The archetype big brother has been written about before. To me, it's a mixed feeling of idolatry and comfort...that when he's with you, you feel no fear and an enormous sense of security.
It's camping in the cold, and being asked if you're warm...and when you answer "no", it's your big brother uncovering himself with one of only two blankets, draping you with both, then leaving the tent to find more firewood so he can add to the dwindling fire. I figure he did this without thinking because already his heart was warm enough. I figure too that he inherited his warm heart from our father.
How could I not feel this warm feeling of comfort when we were together, as there are many recollections like this...
Like the time my skin had been scorched by the Texas sun on a June fishing trip, and he of the same fare skin soaked towels in cold water and baking soda and laid them across my back.

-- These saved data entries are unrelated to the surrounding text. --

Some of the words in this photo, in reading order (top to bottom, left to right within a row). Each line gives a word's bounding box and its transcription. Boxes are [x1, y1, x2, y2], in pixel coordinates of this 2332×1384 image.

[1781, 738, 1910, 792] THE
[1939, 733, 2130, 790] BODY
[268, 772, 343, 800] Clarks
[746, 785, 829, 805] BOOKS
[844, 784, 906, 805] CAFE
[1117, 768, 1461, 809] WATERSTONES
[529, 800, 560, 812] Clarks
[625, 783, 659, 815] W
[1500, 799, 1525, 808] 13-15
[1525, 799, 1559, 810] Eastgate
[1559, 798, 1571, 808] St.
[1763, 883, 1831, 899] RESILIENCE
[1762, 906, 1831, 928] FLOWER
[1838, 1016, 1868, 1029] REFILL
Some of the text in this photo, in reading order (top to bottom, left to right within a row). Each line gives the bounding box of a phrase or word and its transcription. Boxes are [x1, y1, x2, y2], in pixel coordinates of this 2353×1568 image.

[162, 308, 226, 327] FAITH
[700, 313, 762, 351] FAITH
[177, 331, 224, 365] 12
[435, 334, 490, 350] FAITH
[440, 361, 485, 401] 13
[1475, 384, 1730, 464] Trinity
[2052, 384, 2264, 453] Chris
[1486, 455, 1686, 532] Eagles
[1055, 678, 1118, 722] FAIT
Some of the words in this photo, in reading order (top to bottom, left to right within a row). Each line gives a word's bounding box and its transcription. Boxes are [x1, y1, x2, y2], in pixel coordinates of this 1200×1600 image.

Like the time when I was 15 and after violently breaking my ankle he sprinted a 1/2 mile to safety, cradling me in his arms like his own. It was the only time I ever wept in front of him. He never mentioned it.
And like the time he surprised me in CT, after just landing in NYC from France and making the three hour drive just to watch me pitch. It was the only time any of my family watched me play high school baseball. He made it for the first pitch. We won, and he took me to dinner that night where we had a celebratory beer. It was the first beer I'd ever had in a restaurant - he ordered it for himself and covered me (I was underage) as I proudly drank it.
It times like these that I miss about Kieron. He was the brother that people write about.